September 24, 2006

Ramadan

I don’t know how many times I have begun a Blog post declaring my distrust of people who are overtly religions. I suppose this is because I find most religions and their overpowering, inflexible sermons too constricting for my worldview. It is strange, however, that in a span of a few weeks, I have quoted scripture, and now I am writing about fasting during Ramadan. I guess these reflections on religion are an indication of my trying to delve deeper into forces that control so many people’s lives.

I become disillusioned when I see the world, which Christians, Muslims and Jews have created. There is so much hypocrisy, lust for power, and injustice in their teachings, that I often find myself unable to understand how billions of people could be so passive in following tenets that feel so unnatural and inhuman to me.
As my own spiritually matures, however, I am hoping that by looking closer, passed the rigid dogma that maybe I will find a foundation of these religions, which will help me make sense of what I have always thought to be the most destructive force to infect mankind.

Both my grandmothers were Muslim.
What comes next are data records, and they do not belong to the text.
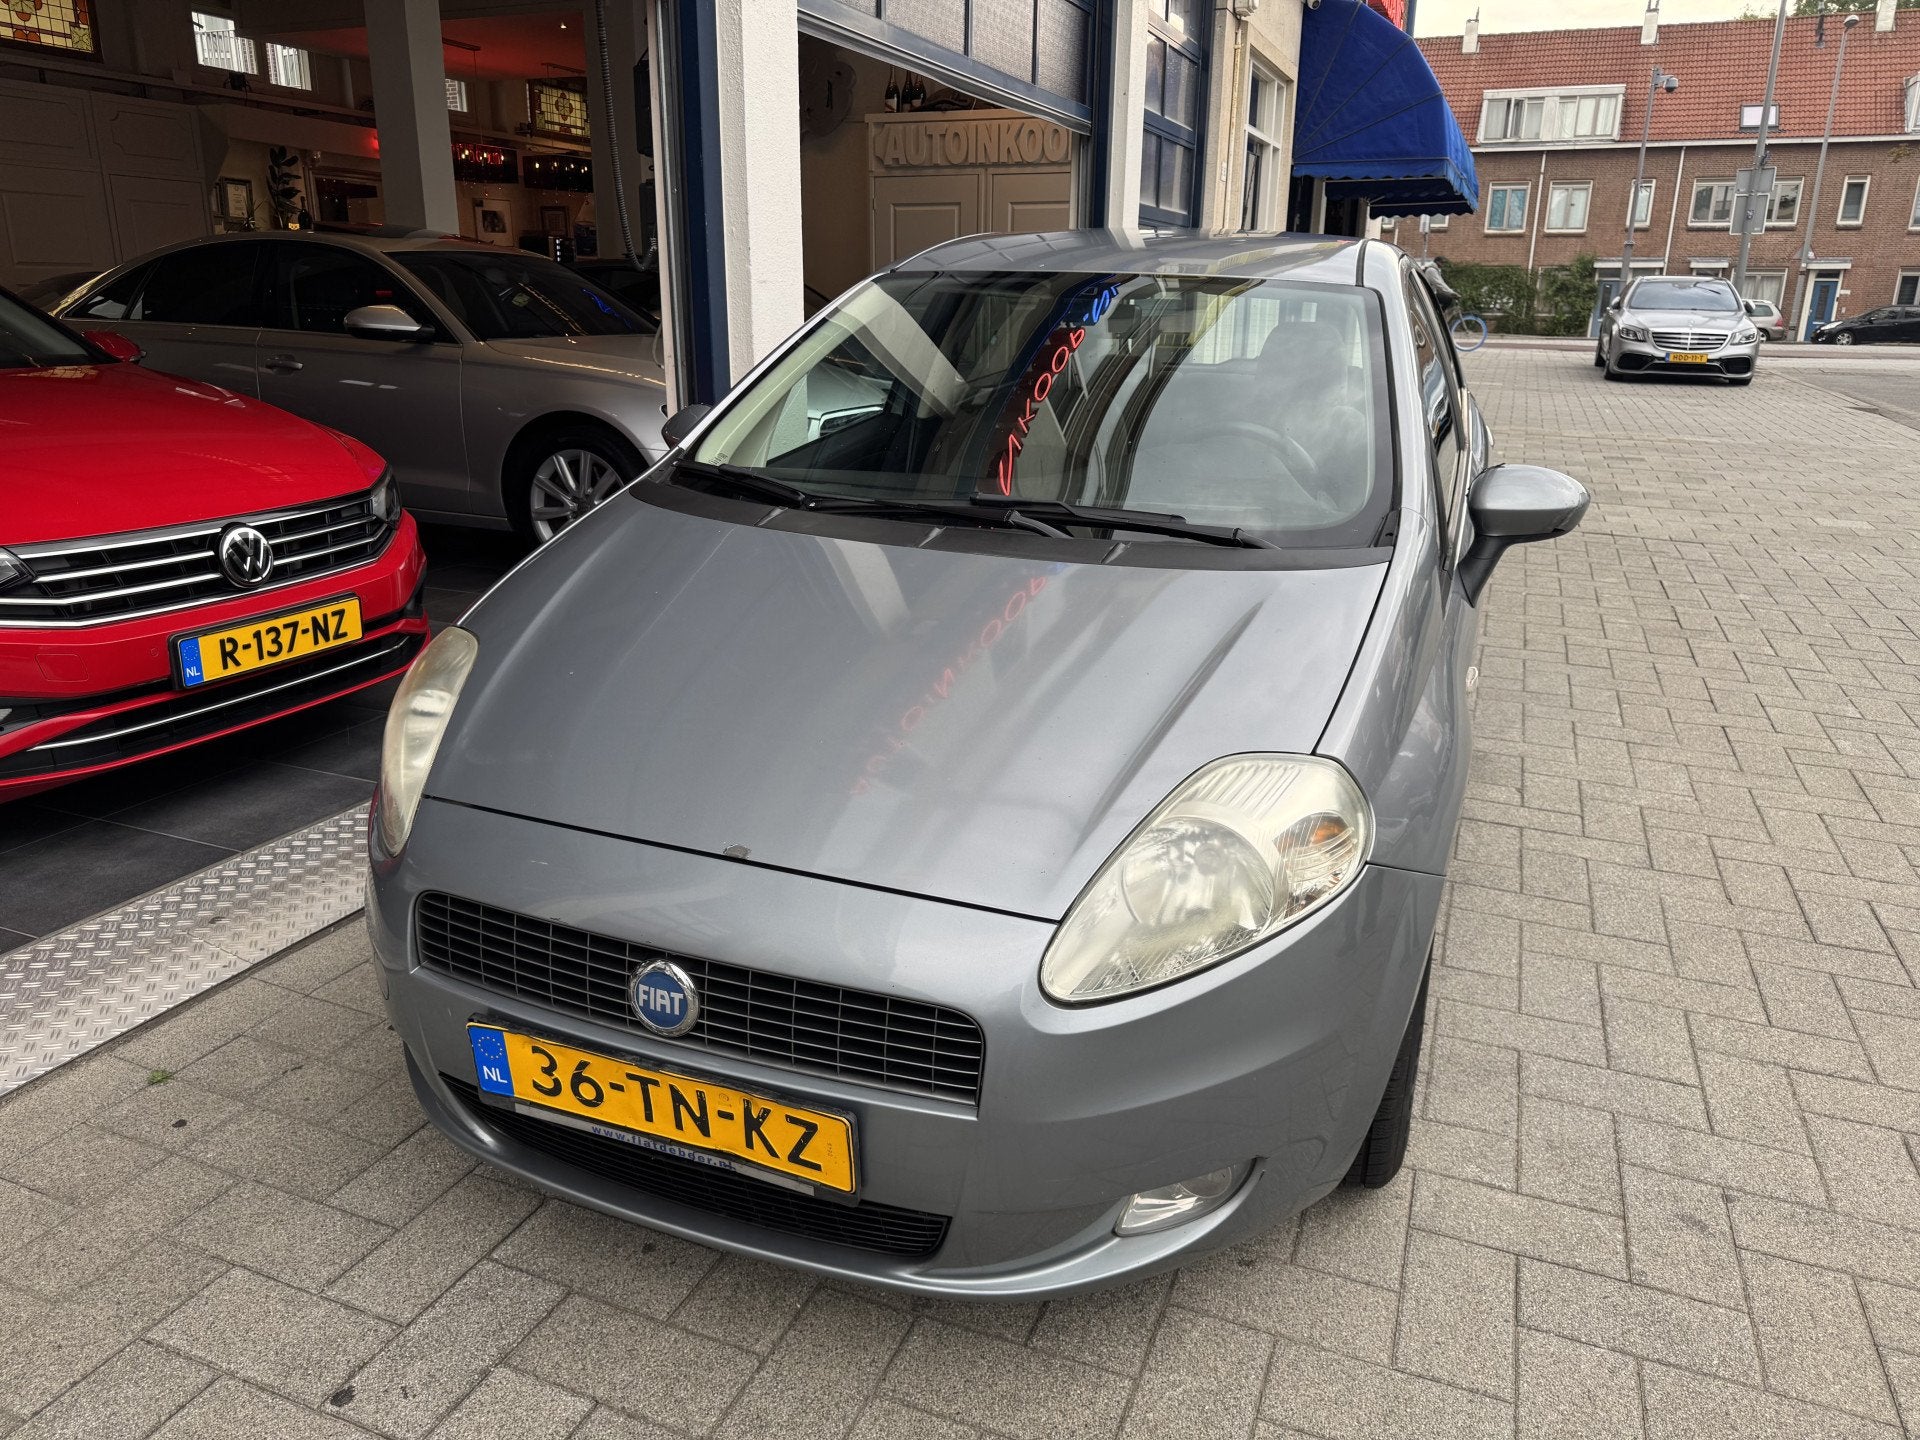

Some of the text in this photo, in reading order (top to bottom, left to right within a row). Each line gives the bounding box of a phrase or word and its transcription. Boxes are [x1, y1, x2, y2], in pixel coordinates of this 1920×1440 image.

[883, 121, 1072, 166] AUTOINKOO
[219, 608, 348, 671] R-137-NZ
[186, 666, 201, 678] NL
[638, 983, 684, 1016] FIAT
[482, 1065, 508, 1084] NL
[531, 1045, 823, 1172] 36-TN-KZ
[591, 1125, 737, 1172] www.fiatdeboer.nl
I was born in Iran and currently live in Malaysia- both Muslim countries. But until the United States declared a war on Muslims, I had been very critical of Mohammad’s creed. I credited the mullahs and other fundamentalists for ruining my country of birth and forcing my family and I into exile. I viewed many Muslim teachings as constrictive and backwards. But since 9/11, I have often found myself defending Muslims from prejudices cast upon them by the West. Listening to Bush’s, you’re with us or against us speeches, have made it easy for me. I knew right from the start that I am against him. As a result of his divisive world order, I have adopted a much more tolerant view of Islam.
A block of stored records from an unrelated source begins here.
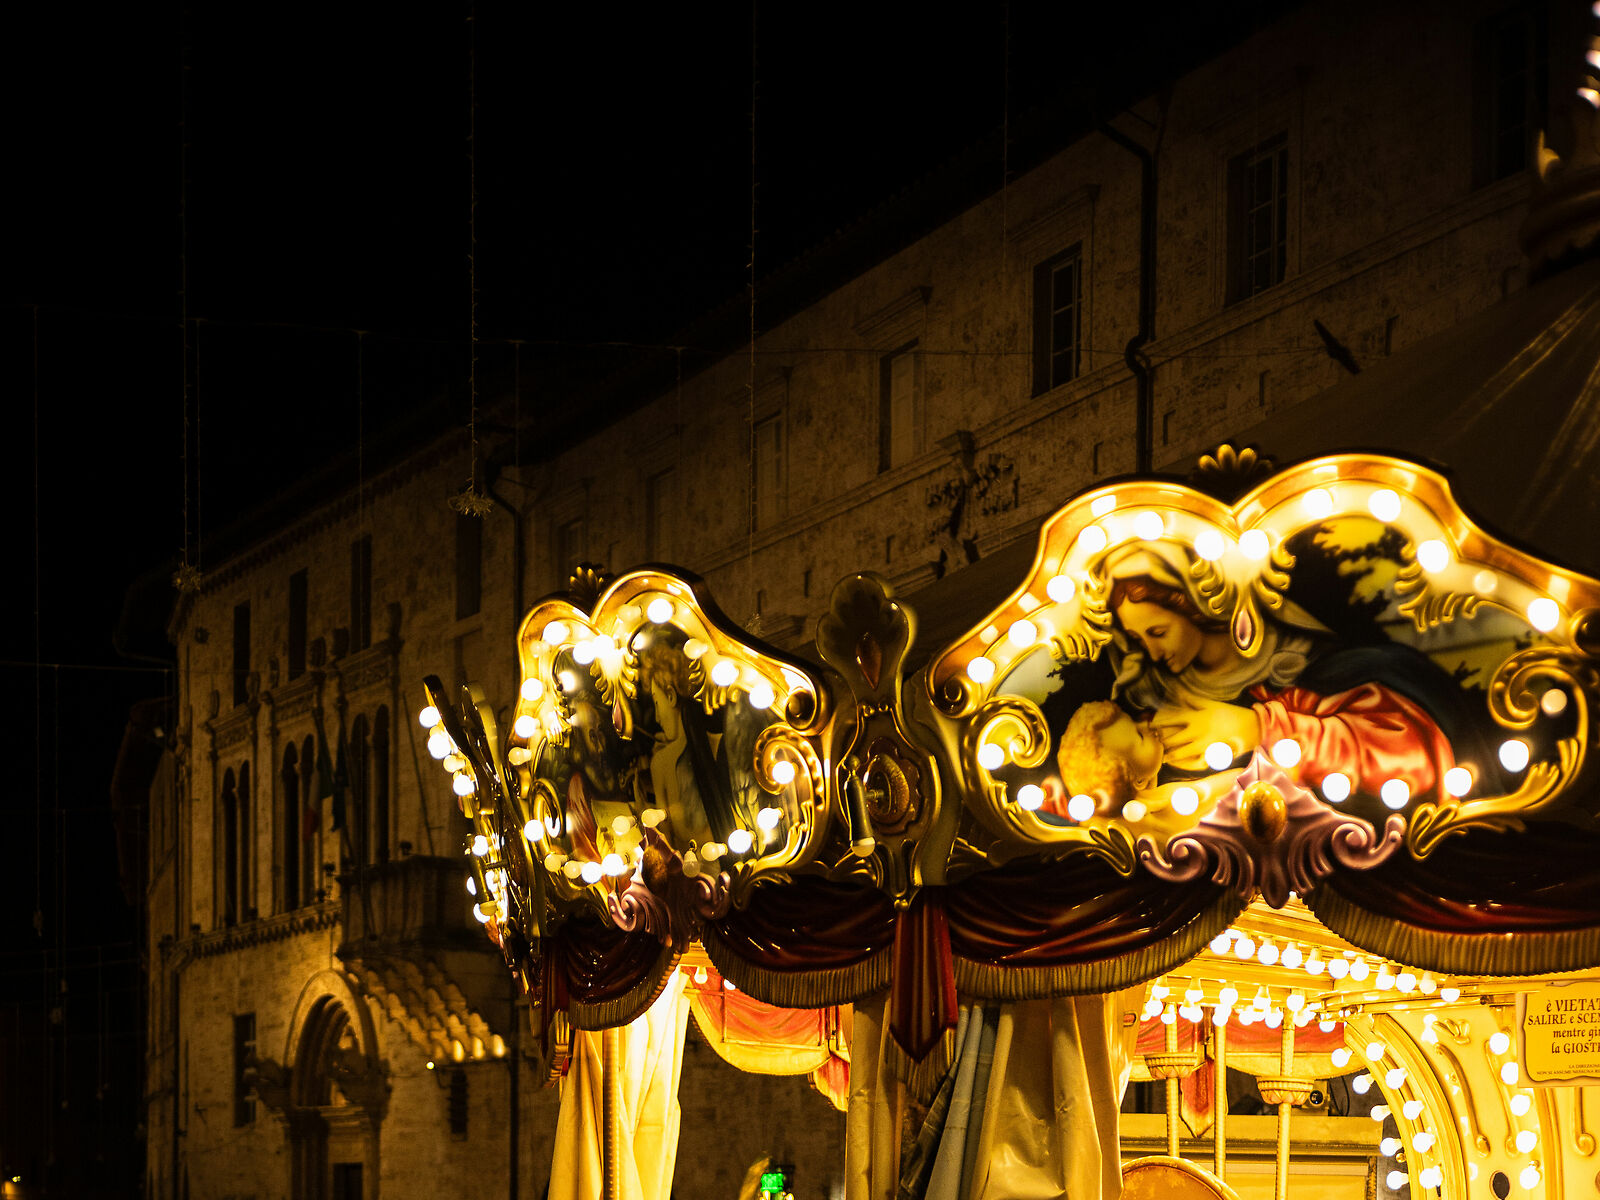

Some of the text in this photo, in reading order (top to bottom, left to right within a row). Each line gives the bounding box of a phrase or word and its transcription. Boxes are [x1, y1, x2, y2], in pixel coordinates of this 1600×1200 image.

[1546, 1000, 1552, 1013] è
[1528, 1014, 1566, 1025] SALIRE
[1570, 1016, 1575, 1024] e
[1553, 1028, 1586, 1038] mentre
[1551, 1042, 1560, 1054] la
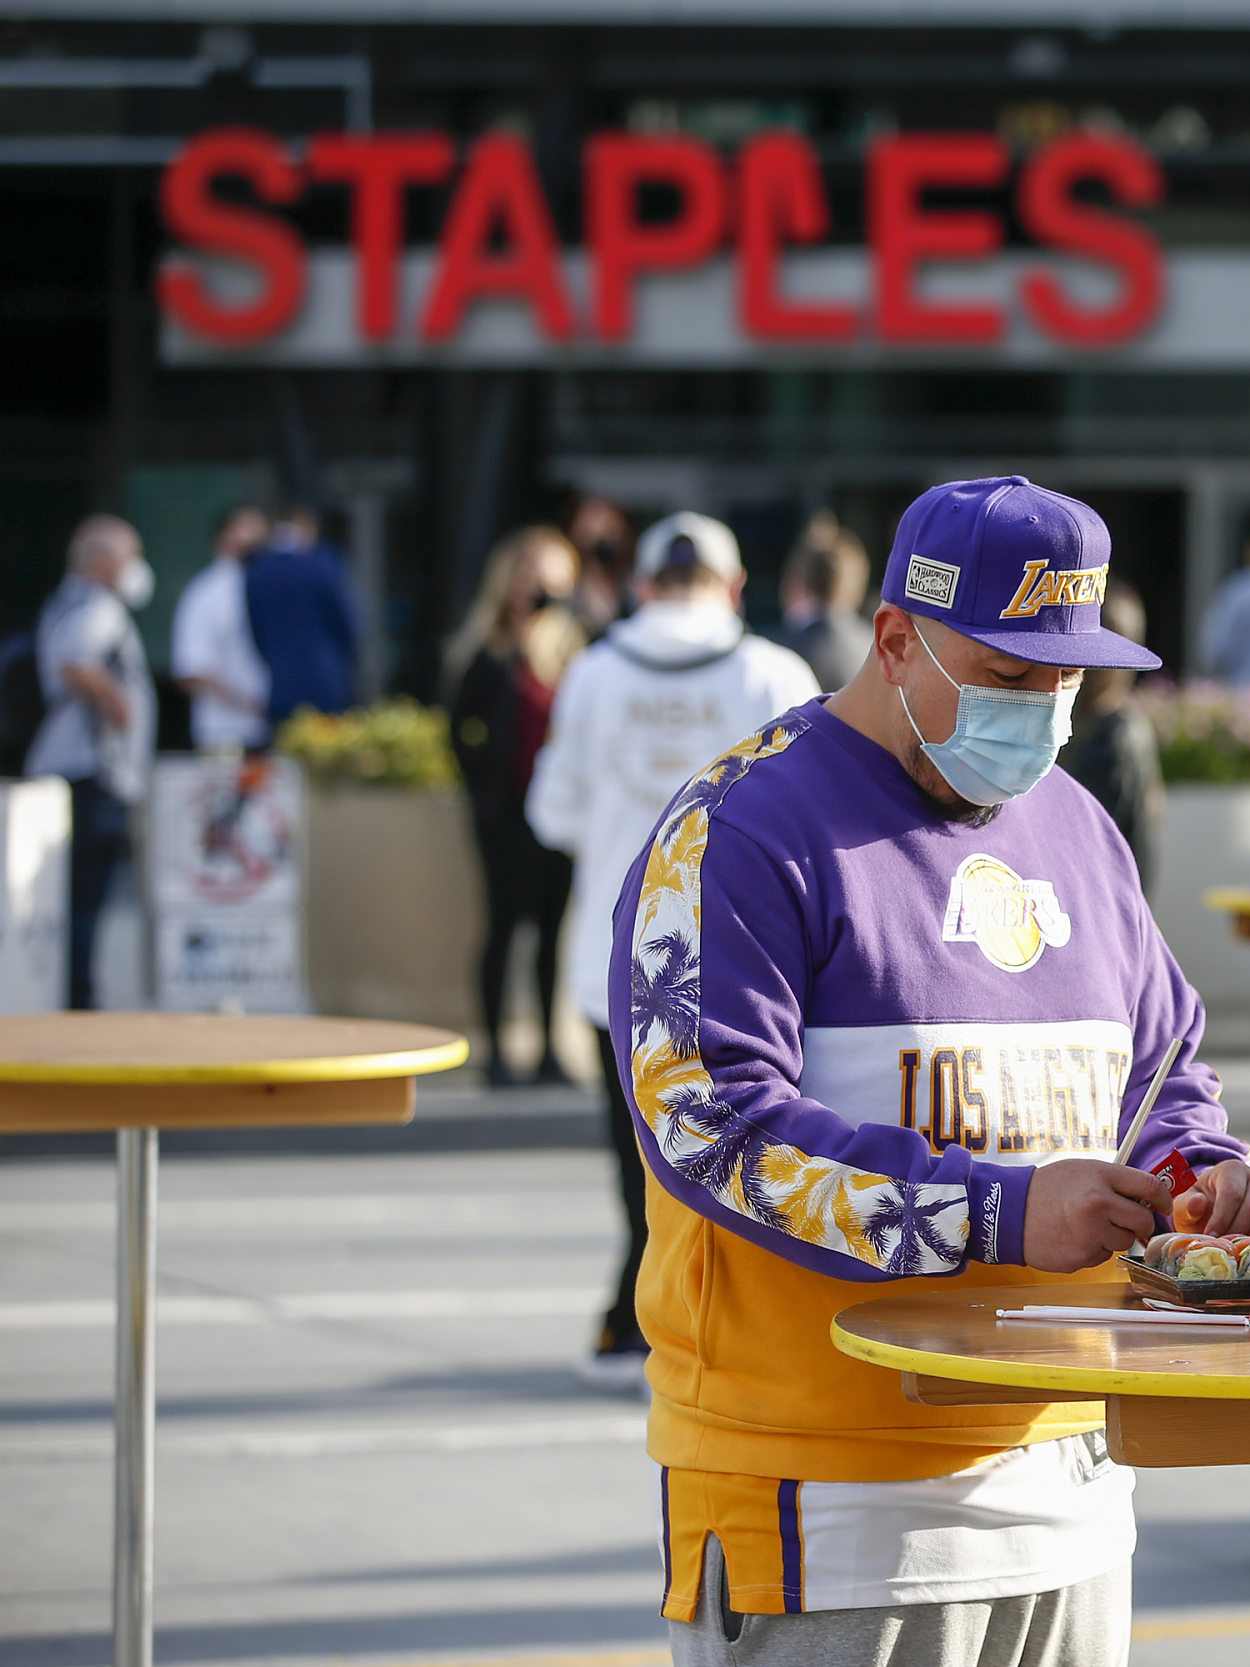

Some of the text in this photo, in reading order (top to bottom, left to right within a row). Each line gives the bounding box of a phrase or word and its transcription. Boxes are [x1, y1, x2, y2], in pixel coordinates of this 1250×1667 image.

[157, 128, 1167, 350] STAPLES
[917, 581, 948, 598] CLASSICS
[920, 567, 950, 587] HARDWOOD
[899, 1045, 989, 1155] LOS
[981, 1182, 1001, 1264] Mitchell & Ness
Furthermore, as my Zen practice progresses, I am learning to search for the aspects in all religions that reinforce the Buddha’s teachings. You see I don’t view Buddhism as a religion. I see it as a teaching that helps us better understand reality. Buddhism is not different that other religions, it is all the religions examined mindfully. Buddhism allows us to search for truth and find trust not in scripture and sermons, but in the love and kindness that I hope exists somewhere in the other religions. So while Bush expounds a warped 1984 war is peace version of Christianity, I will simply focus on Jesus’ teachings that align perfectly with what the Buddha said thousands of years earlier. Love. Be kind. Help the other beings before you help yourself. Pretty simple.

Wow! That was quite the intro to get me here. I have decided to fast for Ramadan this year. I recently read Gandhi’s autobiography, and although I found the text tedious and slow, I was intrigued by his experiments with diet and fasting. He claimed that we could better and more deeply explore our consciousness when our body is denied full access to our senses. This is a big step for me because I have, up to this point in my life, lived my life practicing the exact opposite. I have indulged every urge, taken every drug, drank everything available, eaten whatever was in front of me, but the decade long binging did not take me here I wanted to go.
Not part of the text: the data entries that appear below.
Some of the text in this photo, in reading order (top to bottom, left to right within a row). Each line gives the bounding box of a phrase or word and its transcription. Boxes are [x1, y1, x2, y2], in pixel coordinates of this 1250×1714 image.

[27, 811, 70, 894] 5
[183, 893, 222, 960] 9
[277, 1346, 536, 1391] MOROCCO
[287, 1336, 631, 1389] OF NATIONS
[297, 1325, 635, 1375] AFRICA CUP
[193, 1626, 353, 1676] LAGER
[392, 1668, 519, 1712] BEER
Hunter S. Thompson was once asked if he would recommend drugs and alcohol, and he replied, “They have worked for me.” Ironically he shot himself in the face, so they couldn’t have worked too well. But the reason I bring up his quote is because for a long time I agreed. They worked for me too. Up to a point. Pushing all the limits and looking for wisdom through excess taught me a lot about the limits of my consciousness. But since I have quit drinking, I am realizing that I was looking in the wrong direction. I didn’t need to find what was beyond reality; I needed to look close at reality itself. It is this inward search that has led me to this month’s fast.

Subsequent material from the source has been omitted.